UK Editorial Compares Us to the Congo
The order of the 6th Circuit Court of Appeals reversing the conviction of Scottish citizen and Ohio death row inmate Kenneth Richey has prompted this editorial in The Herald, a British newspaper:
We should welcome yesterday's ruling. However, in an inverted version of the Biblical parable, we should not rejoice over the one who has (probably) been saved as lament the 3500 who have not. That is the number currently on death row. Since capital punishment was reinstated in the United States in 1976, nearly 1000 prisoners have been executed, including a 74-year-old so stricken by dementia that he did not know who he was, and a man with the mental age of seven.
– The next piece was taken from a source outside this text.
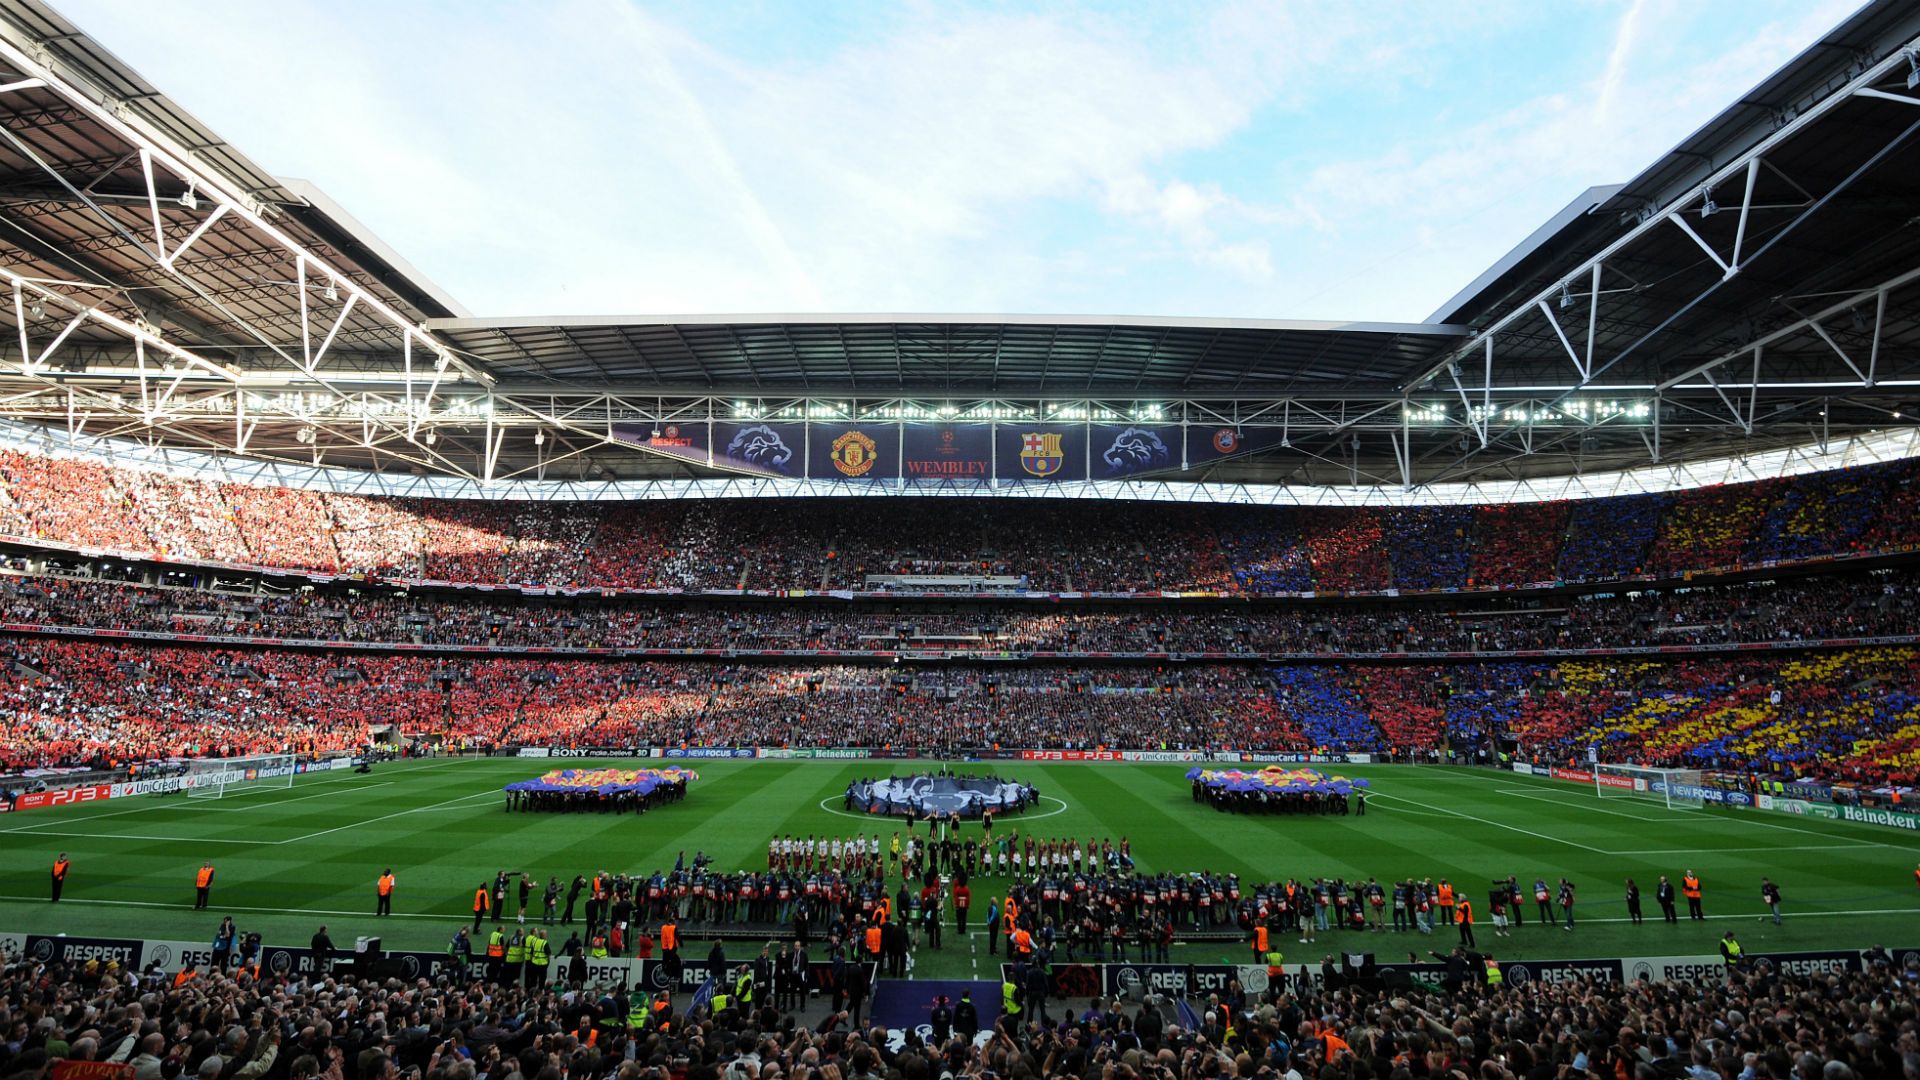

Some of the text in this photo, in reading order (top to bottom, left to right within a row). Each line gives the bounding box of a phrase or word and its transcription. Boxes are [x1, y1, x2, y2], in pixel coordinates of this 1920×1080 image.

The US is up there with China, the Congo, Iran and Saudi Arabia in the global league table of executions, despite scant evidence that capital punishment is a deterrent to violent crime. Furthermore, around 3.5% of those sentenced to death in the US have subsequently been proved innocent and DNA technology is likely to increase this percentage.
As governor of Texas from 1995 to 2001, George Bush authorised a record 152 executions and granted just one of 57 appeals for clemency. In Texas, the chances are that, guilty or otherwise, Kenneth Richey would have been dead for years.
Once again, as others see us--America needs to look in the mirror.